▶ [Aim of the exercise]: The reply must return each line of the data exactly.

• • • •

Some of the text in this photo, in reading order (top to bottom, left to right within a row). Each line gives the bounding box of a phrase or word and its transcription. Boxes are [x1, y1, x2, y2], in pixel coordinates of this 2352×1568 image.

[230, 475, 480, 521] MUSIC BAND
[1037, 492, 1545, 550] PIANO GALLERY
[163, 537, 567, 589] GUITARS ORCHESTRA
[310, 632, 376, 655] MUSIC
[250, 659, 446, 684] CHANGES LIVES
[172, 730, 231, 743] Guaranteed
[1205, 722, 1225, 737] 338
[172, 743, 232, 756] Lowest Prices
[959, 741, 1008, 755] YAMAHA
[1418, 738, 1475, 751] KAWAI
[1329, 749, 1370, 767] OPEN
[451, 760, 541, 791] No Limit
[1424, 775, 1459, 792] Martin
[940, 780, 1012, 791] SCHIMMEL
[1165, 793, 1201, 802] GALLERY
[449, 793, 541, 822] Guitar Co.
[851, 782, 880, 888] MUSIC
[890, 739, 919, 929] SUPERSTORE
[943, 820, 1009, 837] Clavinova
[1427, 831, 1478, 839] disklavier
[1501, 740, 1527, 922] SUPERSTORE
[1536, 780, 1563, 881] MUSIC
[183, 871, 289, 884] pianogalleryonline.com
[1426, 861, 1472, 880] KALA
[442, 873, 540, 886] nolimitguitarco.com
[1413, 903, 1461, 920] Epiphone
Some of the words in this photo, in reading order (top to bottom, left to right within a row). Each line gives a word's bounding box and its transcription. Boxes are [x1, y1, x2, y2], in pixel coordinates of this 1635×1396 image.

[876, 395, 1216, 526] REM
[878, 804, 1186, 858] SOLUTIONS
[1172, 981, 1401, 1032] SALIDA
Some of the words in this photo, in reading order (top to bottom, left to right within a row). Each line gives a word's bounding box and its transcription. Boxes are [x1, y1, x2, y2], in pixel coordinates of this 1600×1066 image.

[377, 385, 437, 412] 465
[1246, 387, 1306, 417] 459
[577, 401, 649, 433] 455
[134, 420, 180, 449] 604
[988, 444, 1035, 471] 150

• • • •

▶ [Result]:
Some of the text in this photo, in reading order (top to bottom, left to right within a row). Each line gives the bounding box of a phrase or word and its transcription. Boxes are [x1, y1, x2, y2], in pixel coordinates of this 2352×1568 image.

[230, 475, 480, 521] MUSIC BAND
[1037, 492, 1545, 550] PIANO GALLERY
[163, 537, 567, 589] GUITARS ORCHESTRA
[310, 632, 376, 655] MUSIC
[250, 659, 446, 684] CHANGES LIVES
[172, 730, 231, 743] Guaranteed
[1205, 722, 1225, 737] 338
[172, 743, 232, 756] Lowest Prices
[959, 741, 1008, 755] YAMAHA
[1418, 738, 1475, 751] KAWAI
[1329, 749, 1370, 767] OPEN
[451, 760, 541, 791] No Limit
[1424, 775, 1459, 792] Martin
[940, 780, 1012, 791] SCHIMMEL
[1165, 793, 1201, 802] GALLERY
[449, 793, 541, 822] Guitar Co.
[851, 782, 880, 888] MUSIC
[890, 739, 919, 929] SUPERSTORE
[943, 820, 1009, 837] Clavinova
[1427, 831, 1478, 839] disklavier
[1501, 740, 1527, 922] SUPERSTORE
[1536, 780, 1563, 881] MUSIC
[183, 871, 289, 884] pianogalleryonline.com
[1426, 861, 1472, 880] KALA
[442, 873, 540, 886] nolimitguitarco.com
[1413, 903, 1461, 920] Epiphone
Some of the words in this photo, in reading order (top to bottom, left to right within a row). Each line gives a word's bounding box and its transcription. Boxes are [x1, y1, x2, y2], in pixel coordinates of this 1635×1396 image.

[876, 395, 1216, 526] REM
[878, 804, 1186, 858] SOLUTIONS
[1172, 981, 1401, 1032] SALIDA
Some of the words in this photo, in reading order (top to bottom, left to right within a row). Each line gives a word's bounding box and its transcription. Boxes are [x1, y1, x2, y2], in pixel coordinates of this 1600×1066 image.

[377, 385, 437, 412] 465
[1246, 387, 1306, 417] 459
[577, 401, 649, 433] 455
[134, 420, 180, 449] 604
[988, 444, 1035, 471] 150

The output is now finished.